Exercise inputs:

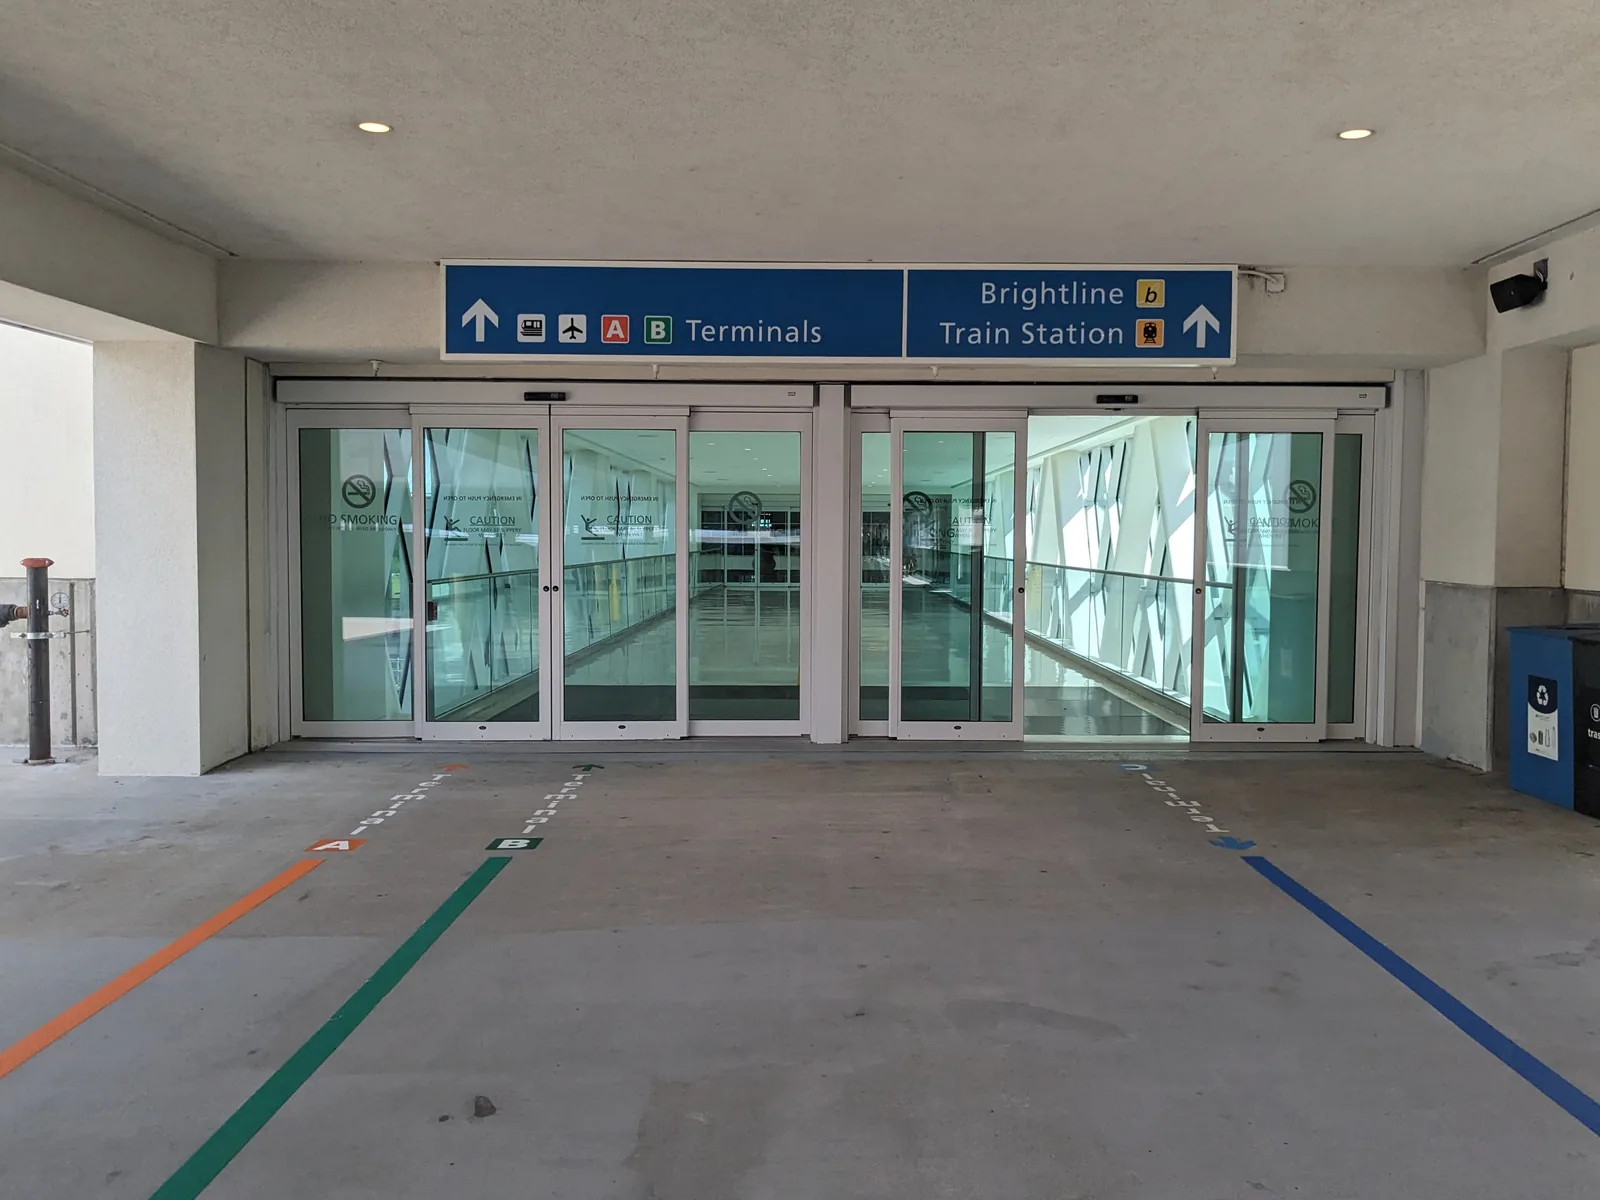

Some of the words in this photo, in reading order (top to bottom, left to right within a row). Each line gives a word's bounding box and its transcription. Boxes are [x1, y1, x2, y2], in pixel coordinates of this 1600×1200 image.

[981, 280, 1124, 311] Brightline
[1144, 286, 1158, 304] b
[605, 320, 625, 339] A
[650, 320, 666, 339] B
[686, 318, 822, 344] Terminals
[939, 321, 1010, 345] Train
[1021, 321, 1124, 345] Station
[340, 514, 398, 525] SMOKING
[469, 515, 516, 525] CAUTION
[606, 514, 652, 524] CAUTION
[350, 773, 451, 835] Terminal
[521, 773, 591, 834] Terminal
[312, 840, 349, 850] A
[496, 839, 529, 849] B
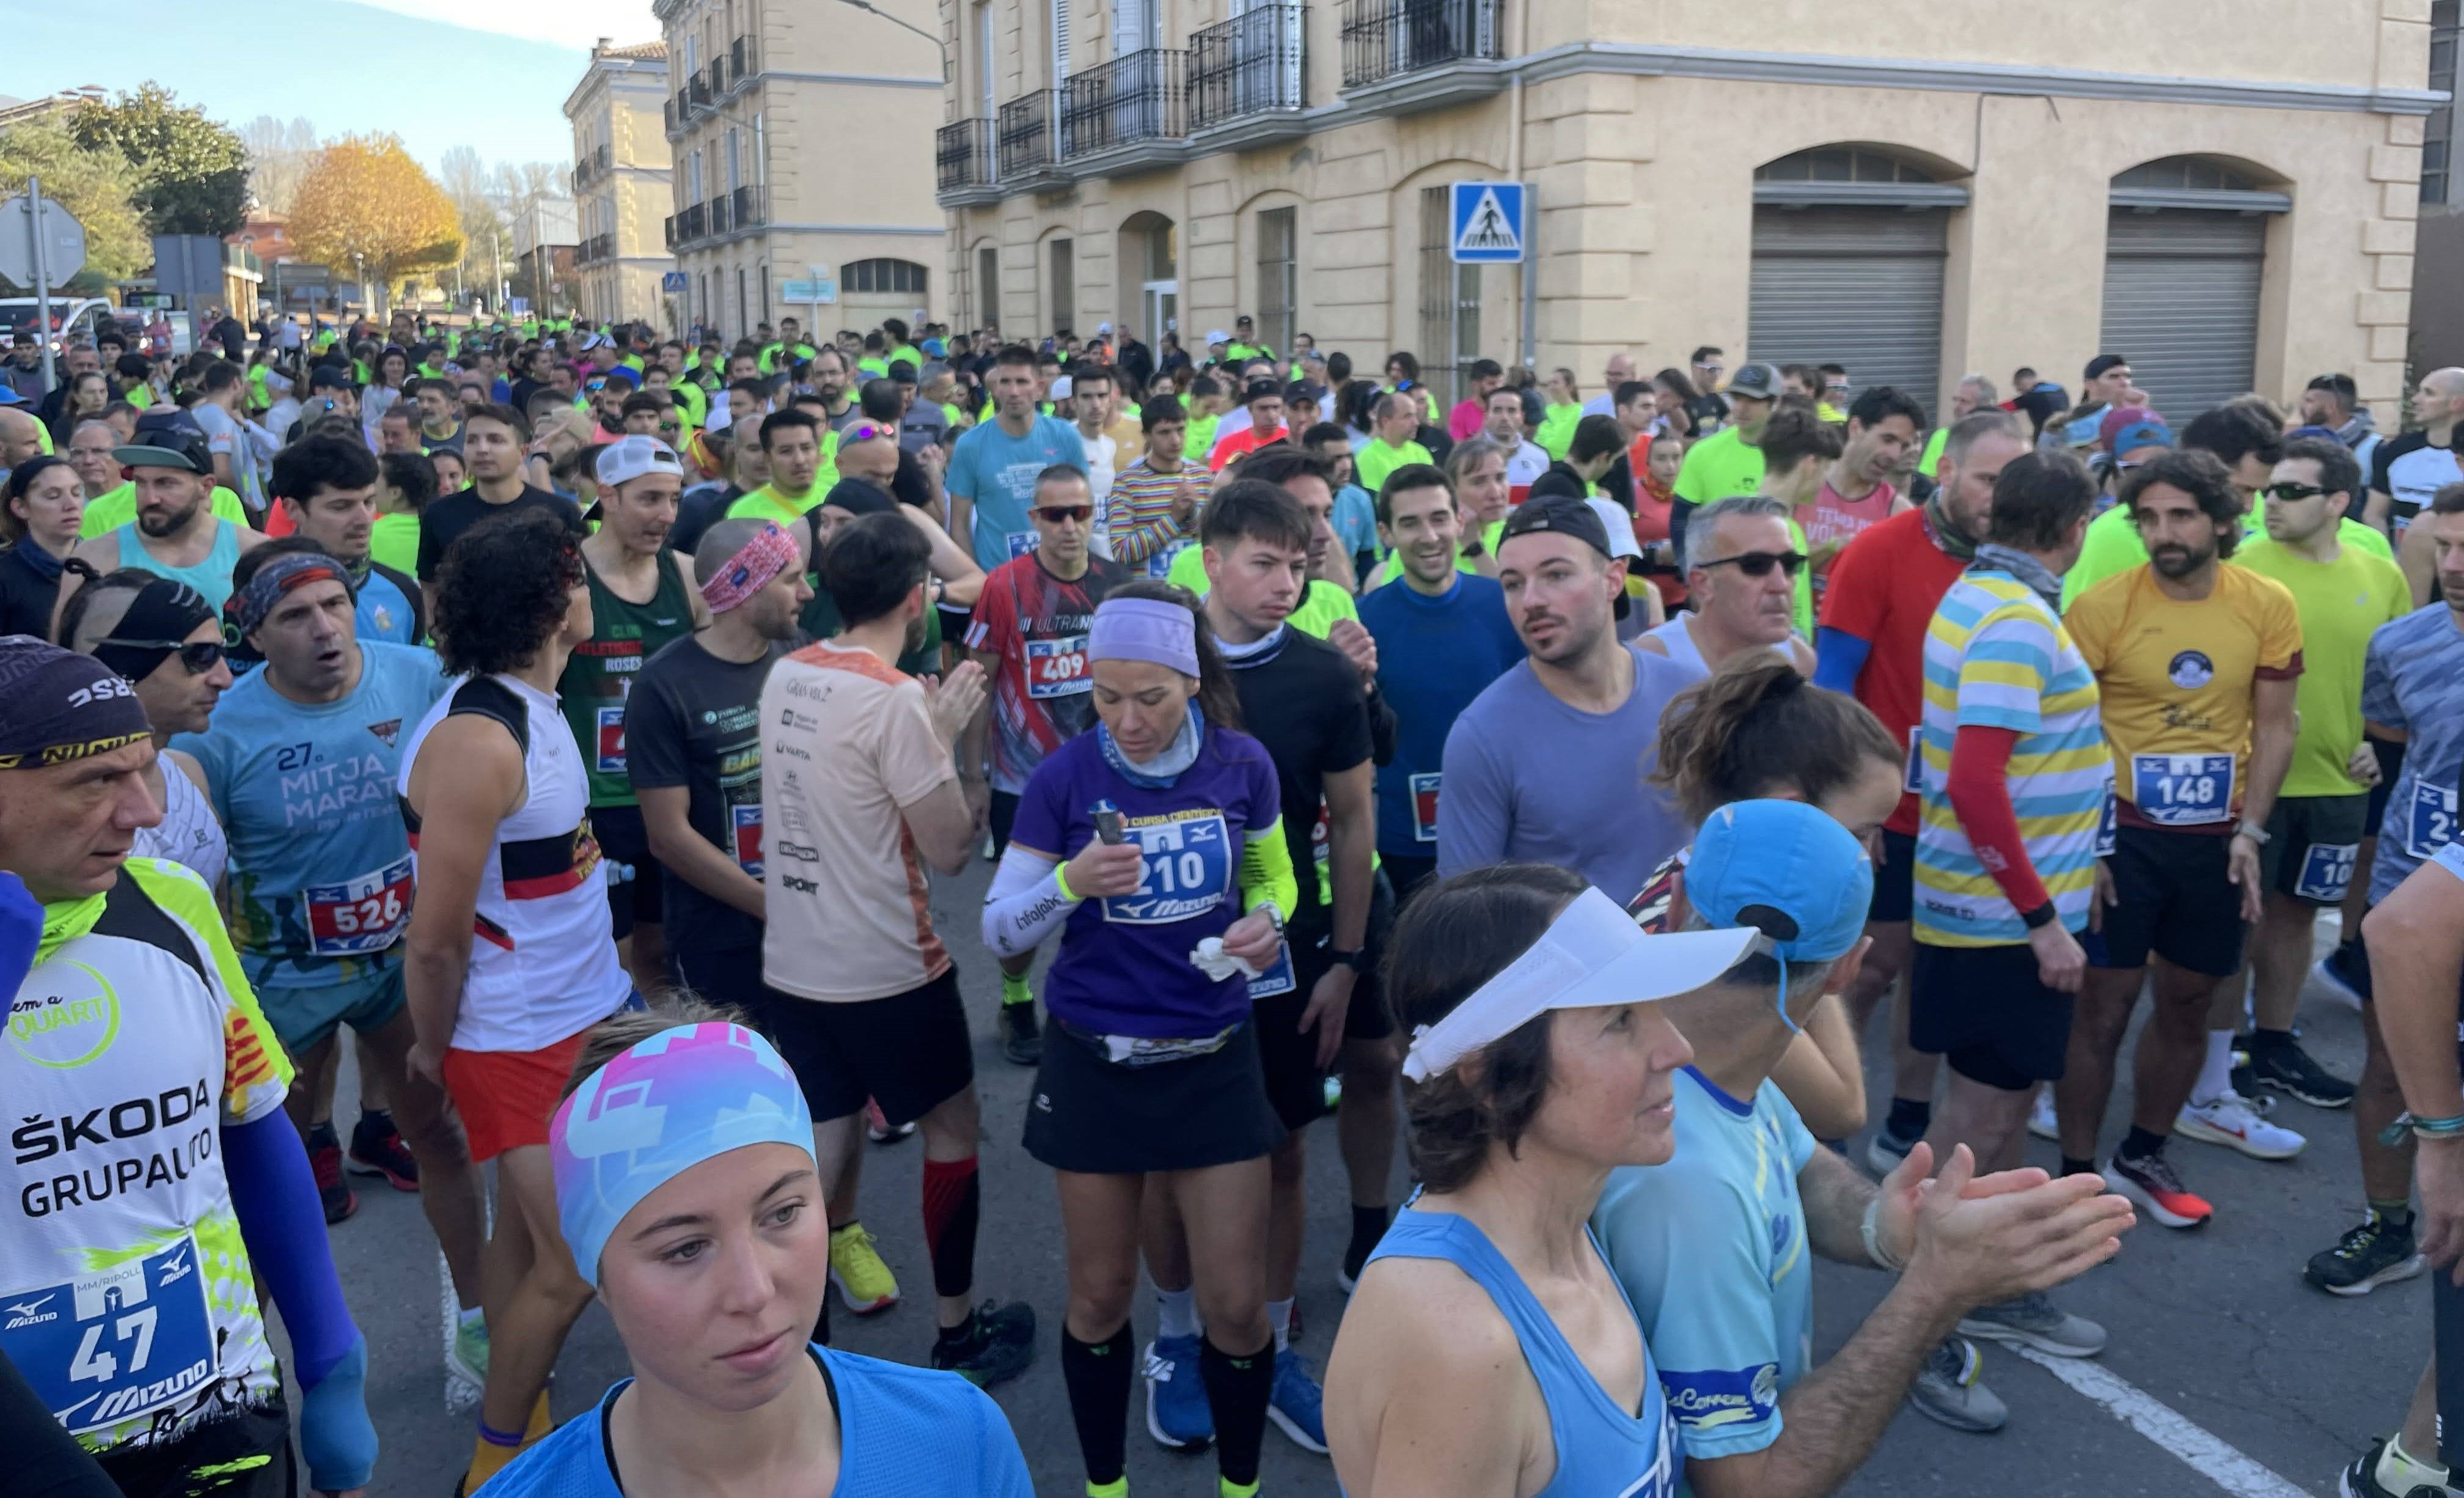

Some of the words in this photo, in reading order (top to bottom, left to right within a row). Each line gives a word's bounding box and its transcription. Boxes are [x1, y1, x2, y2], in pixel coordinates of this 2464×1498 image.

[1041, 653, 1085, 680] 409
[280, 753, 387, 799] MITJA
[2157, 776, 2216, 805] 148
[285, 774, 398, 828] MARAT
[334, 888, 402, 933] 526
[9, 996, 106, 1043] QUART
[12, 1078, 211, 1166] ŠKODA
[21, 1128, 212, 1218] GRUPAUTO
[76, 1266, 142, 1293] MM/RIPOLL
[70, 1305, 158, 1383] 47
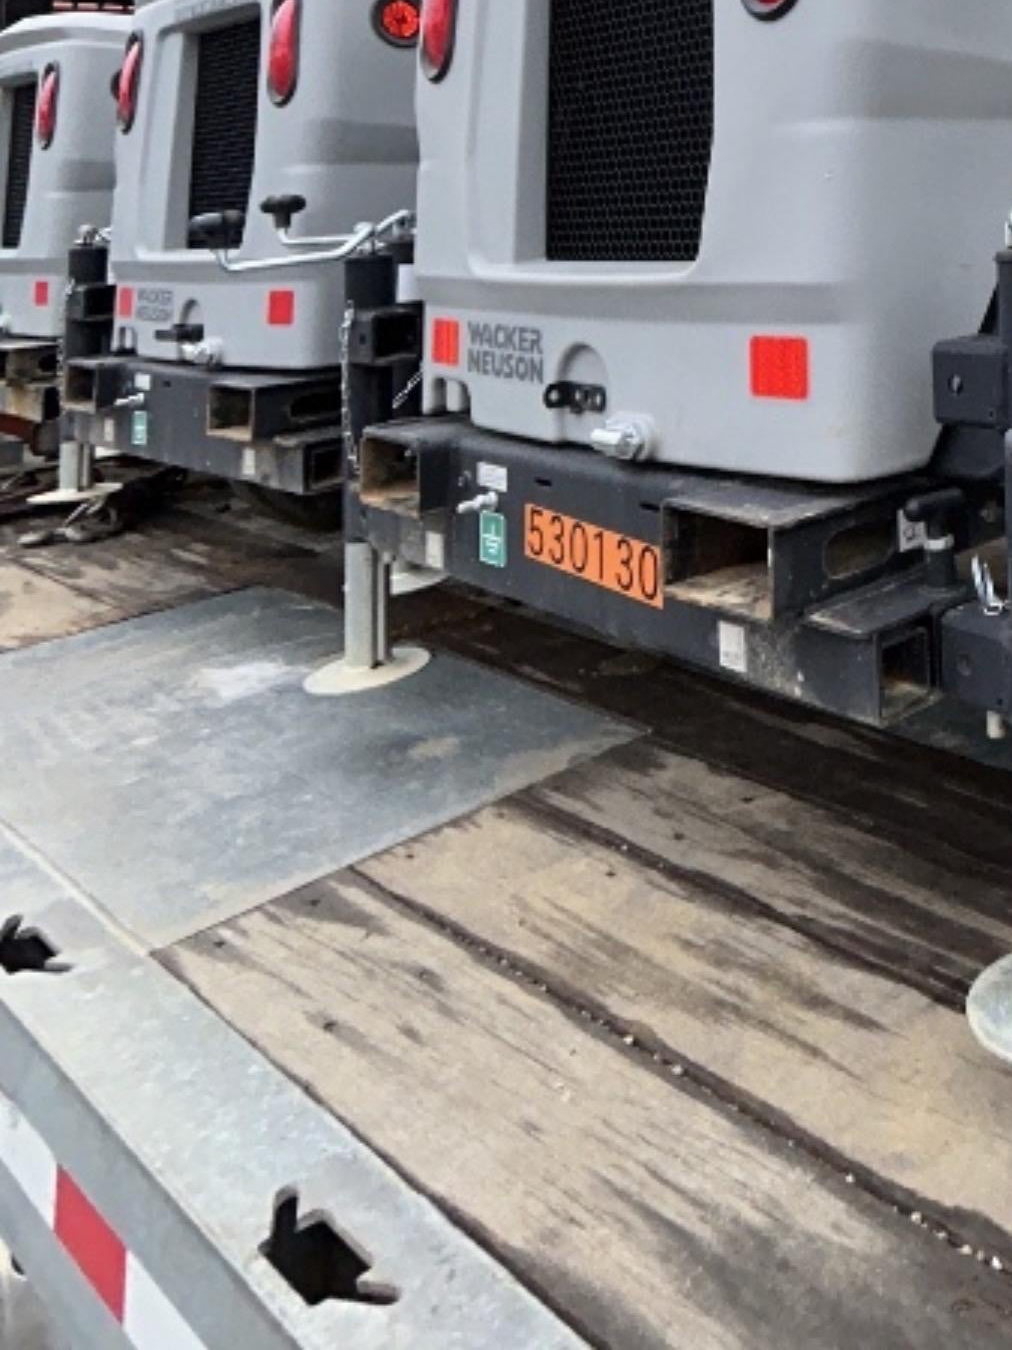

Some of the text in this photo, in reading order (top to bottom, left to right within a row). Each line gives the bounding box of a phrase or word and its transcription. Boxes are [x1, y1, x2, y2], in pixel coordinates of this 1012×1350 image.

Activity: Leave the pictures aside and print exactly, and only, the lines from the one with "this 2464×1498 image." through the end of the data, both included.

Written response:
Some of the words in this photo, in reading order (top to bottom, left to right within a row). Each line gives a word's bounding box and its transcription. Boxes are [x1, y1, x2, y2], in pixel coordinates of this 2464×1498 image.

[1041, 653, 1085, 680] 409
[280, 753, 387, 799] MITJA
[2157, 776, 2216, 805] 148
[285, 774, 398, 828] MARAT
[334, 888, 402, 933] 526
[9, 996, 106, 1043] QUART
[12, 1078, 211, 1166] ŠKODA
[21, 1128, 212, 1218] GRUPAUTO
[76, 1266, 142, 1293] MM/RIPOLL
[70, 1305, 158, 1383] 47

Some of the text in this photo, in reading order (top to bottom, left to right within a row). Each line gives the bounding box of a phrase or word and its transcription. Boxes are [x1, y1, x2, y2], in pixel coordinates of this 1012×1350 image.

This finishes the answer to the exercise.